GIVEN INFORMATION Block Start
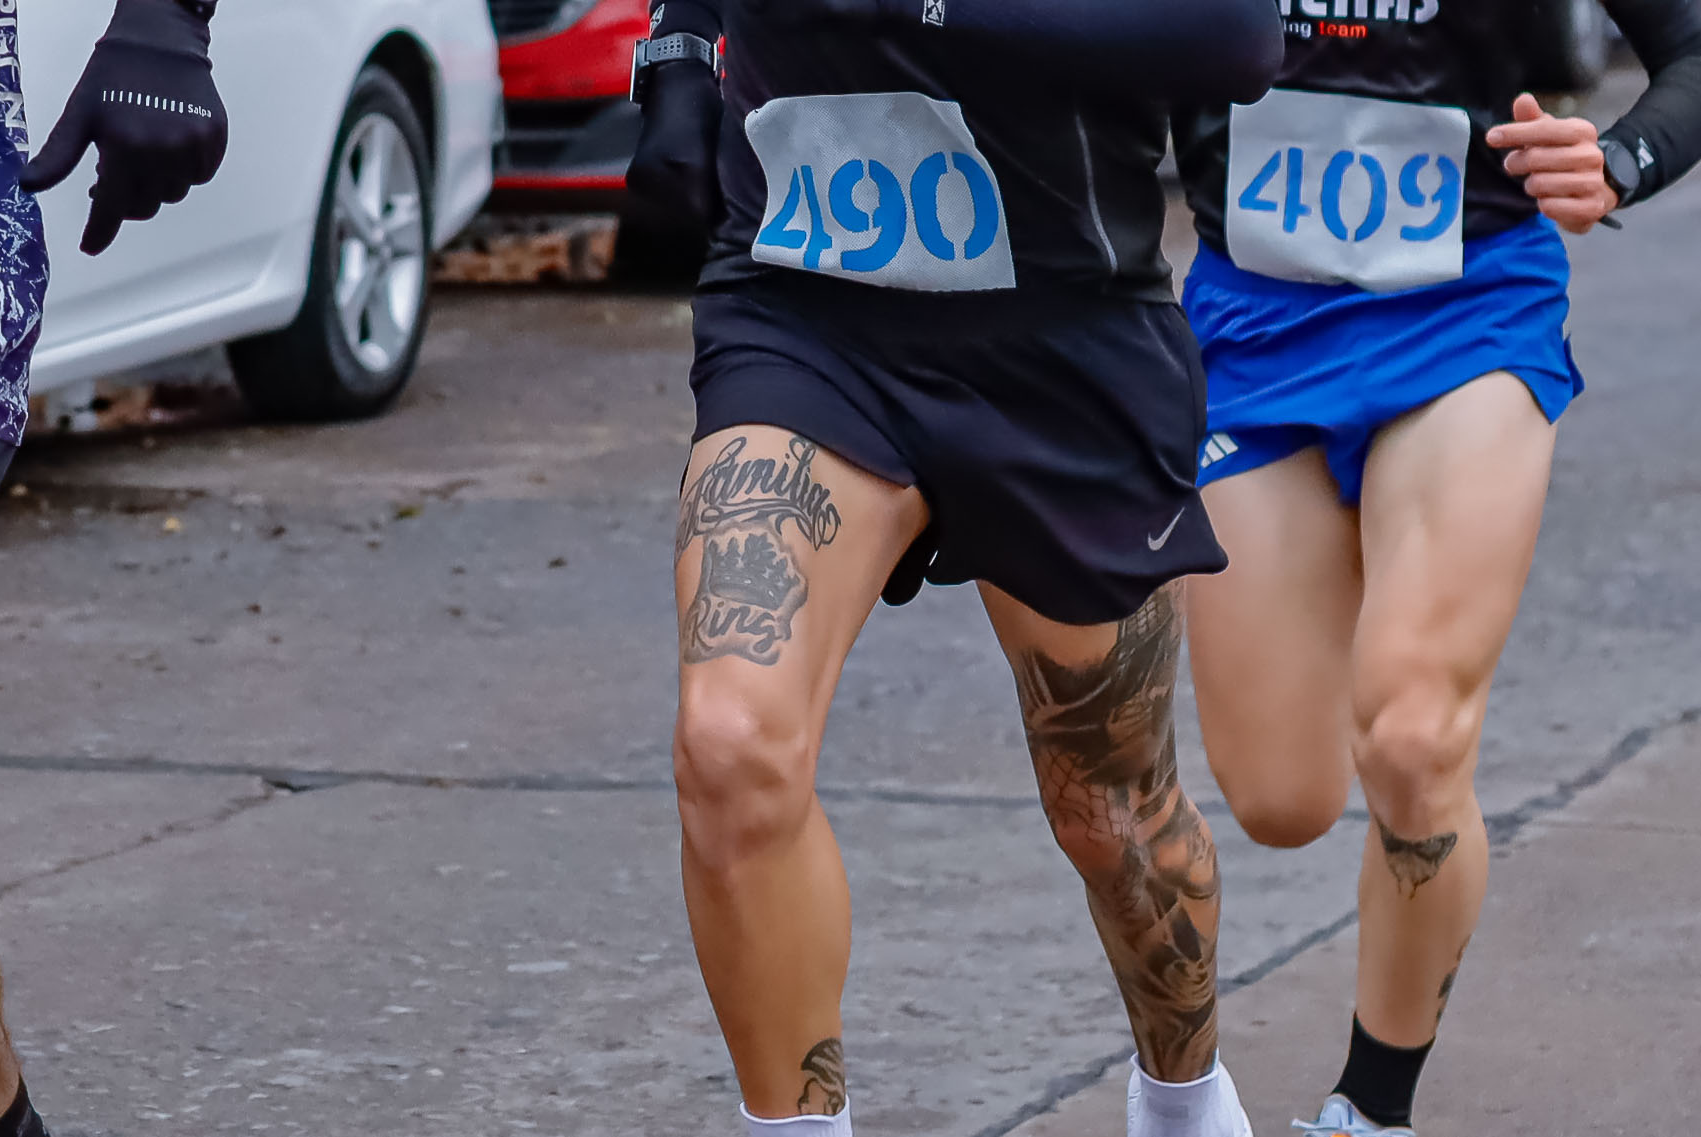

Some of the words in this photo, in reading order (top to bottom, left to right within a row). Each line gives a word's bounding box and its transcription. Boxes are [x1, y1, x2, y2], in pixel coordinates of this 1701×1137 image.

[1318, 20, 1368, 39] team
[187, 103, 212, 118] Salpa
[756, 152, 999, 272] 490
[1238, 147, 1461, 242] 409
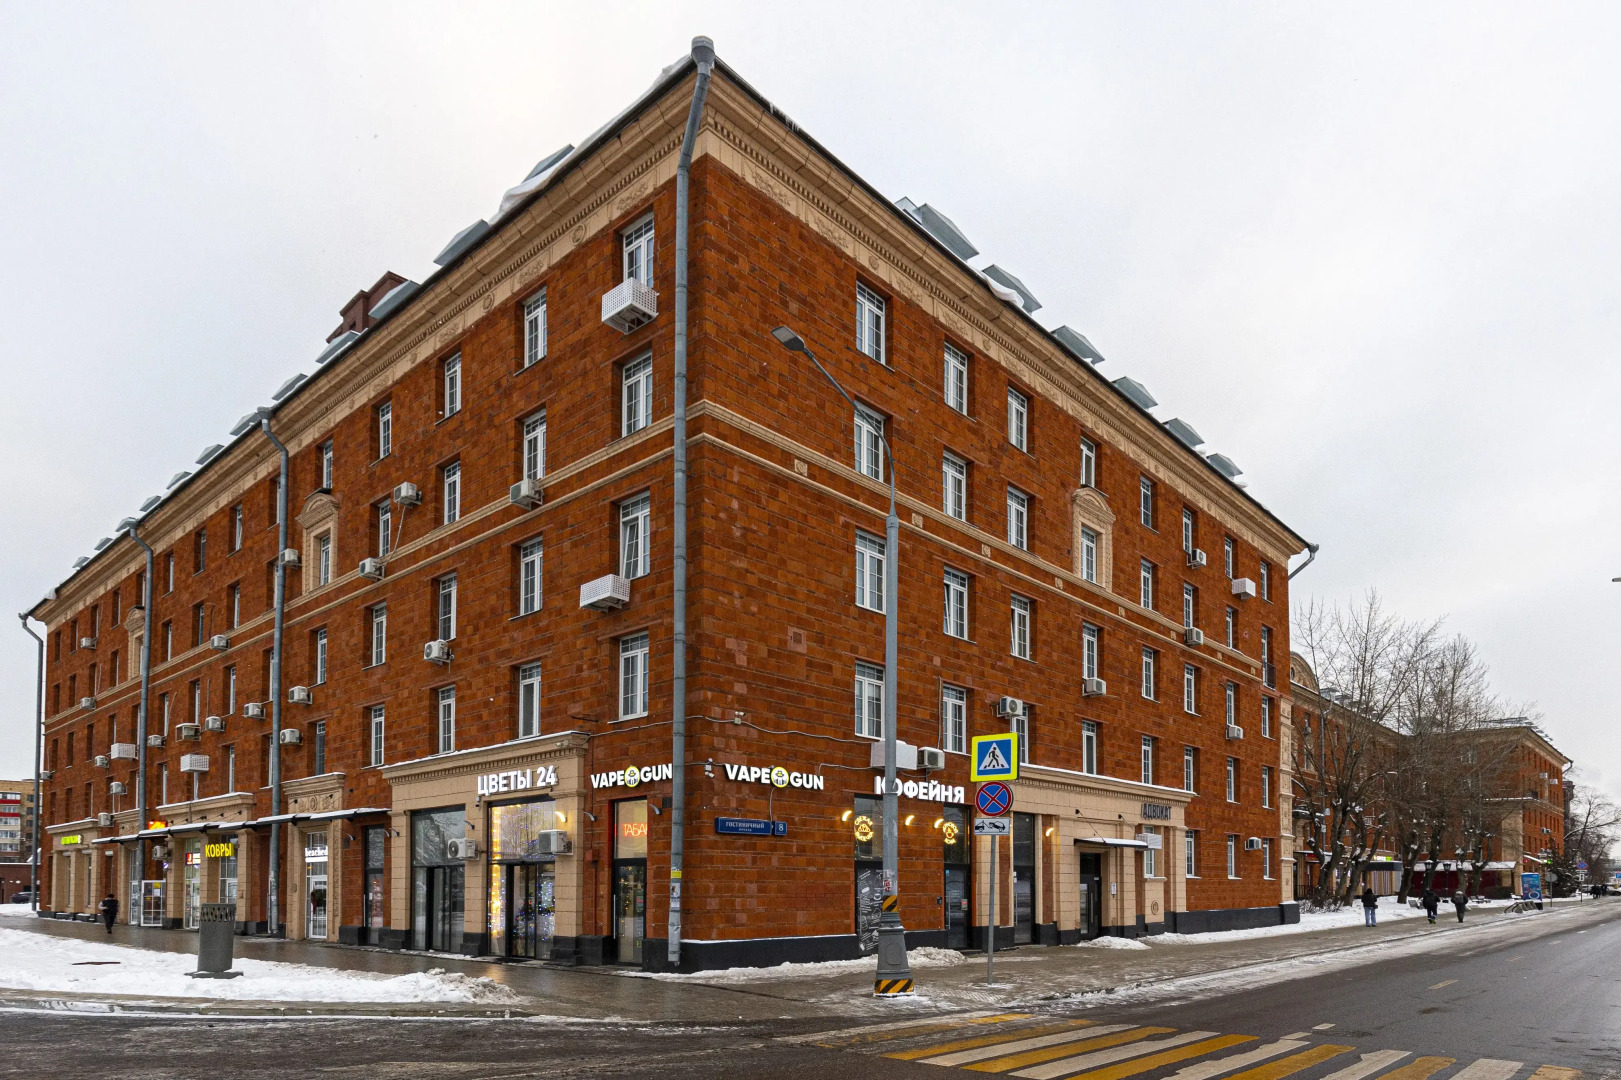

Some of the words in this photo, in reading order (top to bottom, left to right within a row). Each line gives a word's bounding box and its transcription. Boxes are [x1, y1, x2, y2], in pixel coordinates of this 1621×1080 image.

[477, 769, 533, 796] ЦВЕТЫ
[536, 765, 558, 788] 24
[590, 773, 625, 789] VAPE
[640, 763, 673, 783] GUN
[724, 763, 771, 784] VAPE
[789, 771, 824, 790] GUN
[1141, 803, 1172, 820] АДВОКАТ
[622, 823, 648, 838] ТАБА
[725, 821, 765, 829] ГОСТИНИЧНЫЙ
[778, 823, 784, 832] 8
[205, 843, 233, 858] КОВРЫ
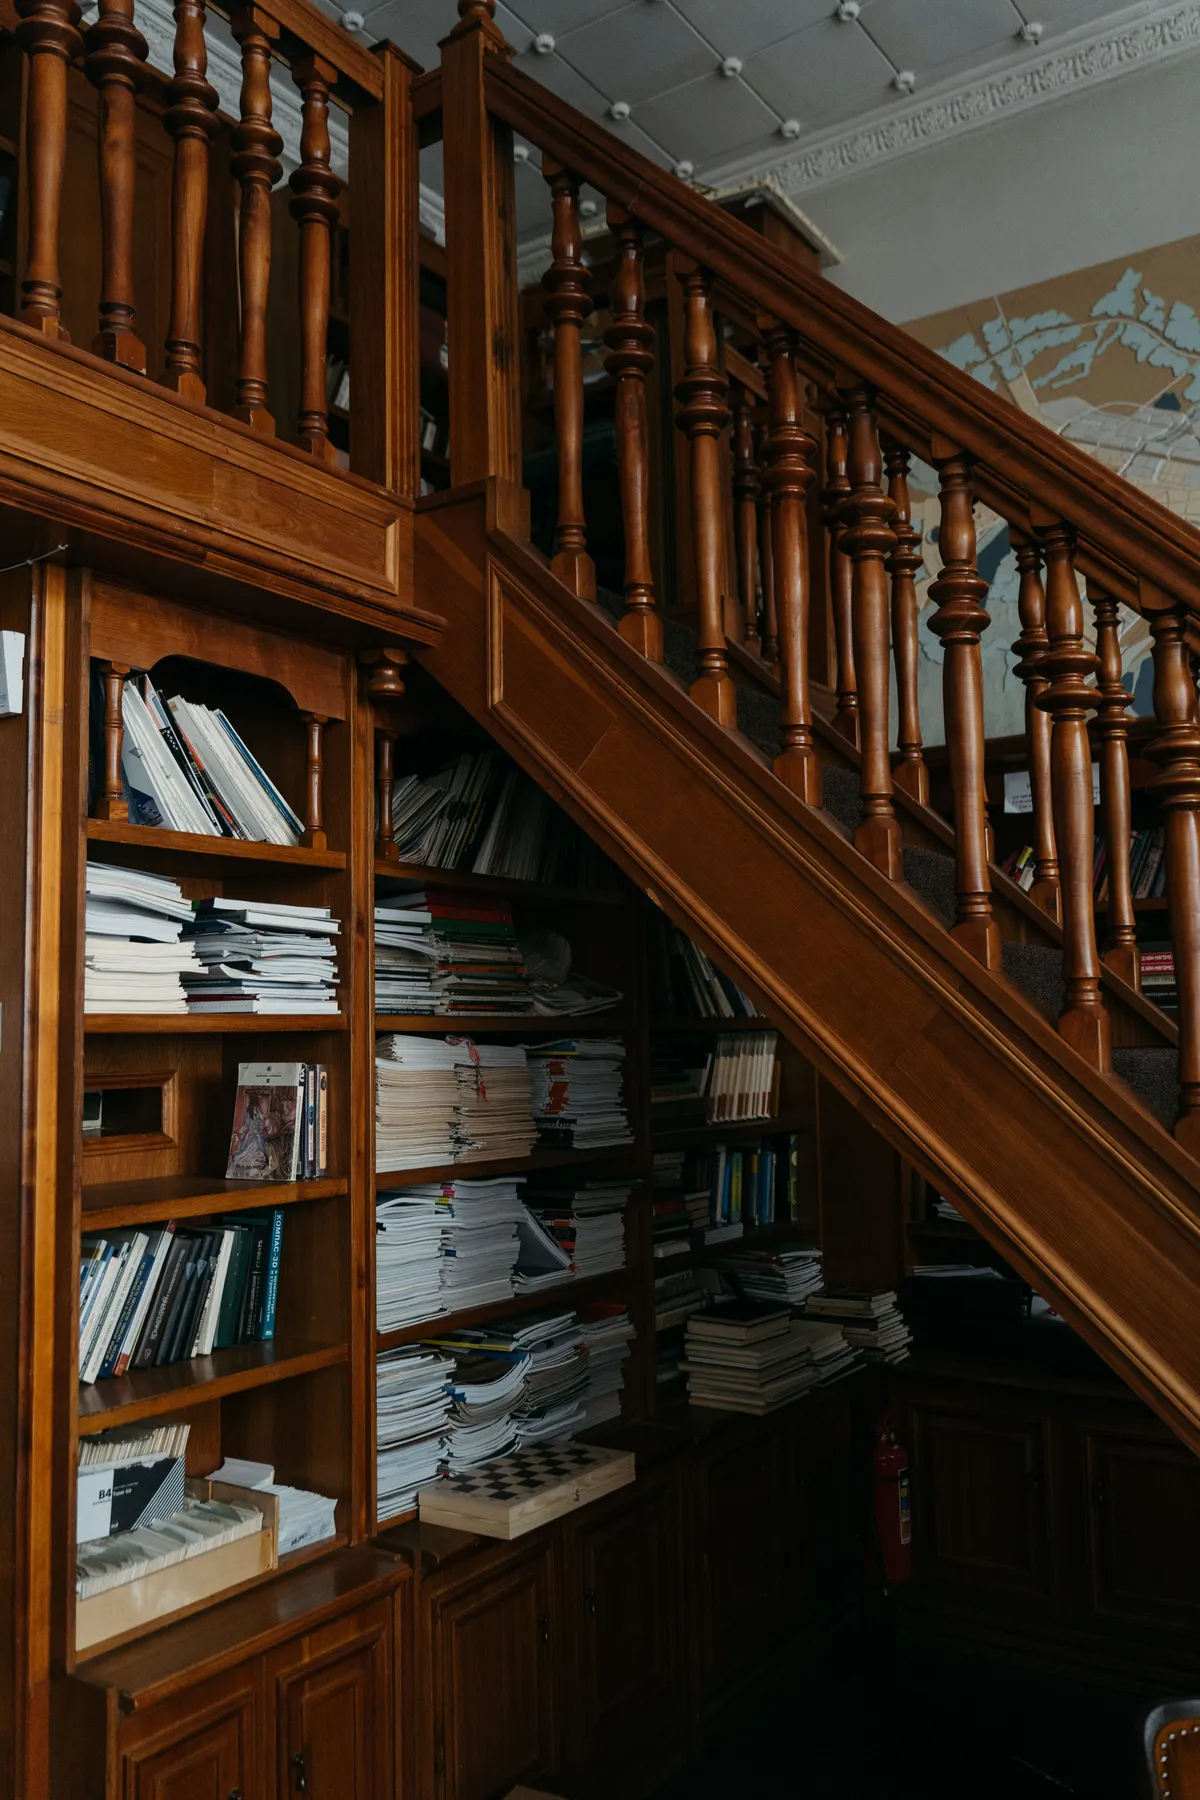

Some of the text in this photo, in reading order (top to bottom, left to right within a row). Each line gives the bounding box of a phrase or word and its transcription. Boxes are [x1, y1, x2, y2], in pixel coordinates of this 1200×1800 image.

[272, 1214, 282, 1268] КОМПАС-3D
[150, 1295, 169, 1340] КОММЕНТАРИЙ
[99, 1488, 111, 1500] B4
GIVEN INFORMATION Block End
INSTRUCTIONS TO FOLLOW
All entries must be output unchanged, with every picture omitted.

RESULT FOR THIS EXERCISE
Some of the words in this photo, in reading order (top to bottom, left to right within a row). Each line gives a word's bounding box and its transcription. Boxes are [x1, y1, x2, y2], in pixel coordinates of this 1701×1137 image.

[1318, 20, 1368, 39] team
[187, 103, 212, 118] Salpa
[756, 152, 999, 272] 490
[1238, 147, 1461, 242] 409

Some of the words in this photo, in reading order (top to bottom, left to right within a row). Each line gives a word's bounding box and its transcription. Boxes are [x1, y1, x2, y2], in pixel coordinates of this 1621×1080 image.

[477, 769, 533, 796] ЦВЕТЫ
[536, 765, 558, 788] 24
[590, 773, 625, 789] VAPE
[640, 763, 673, 783] GUN
[724, 763, 771, 784] VAPE
[789, 771, 824, 790] GUN
[1141, 803, 1172, 820] АДВОКАТ
[622, 823, 648, 838] ТАБА
[725, 821, 765, 829] ГОСТИНИЧНЫЙ
[778, 823, 784, 832] 8
[205, 843, 233, 858] КОВРЫ

Some of the text in this photo, in reading order (top to bottom, left to right within a row). Each line gives the bounding box of a phrase or word and its transcription. Boxes are [x1, y1, x2, y2], in pixel coordinates of this 1200×1800 image.

[272, 1214, 282, 1268] КОМПАС-3D
[150, 1295, 169, 1340] КОММЕНТАРИЙ
[99, 1488, 111, 1500] B4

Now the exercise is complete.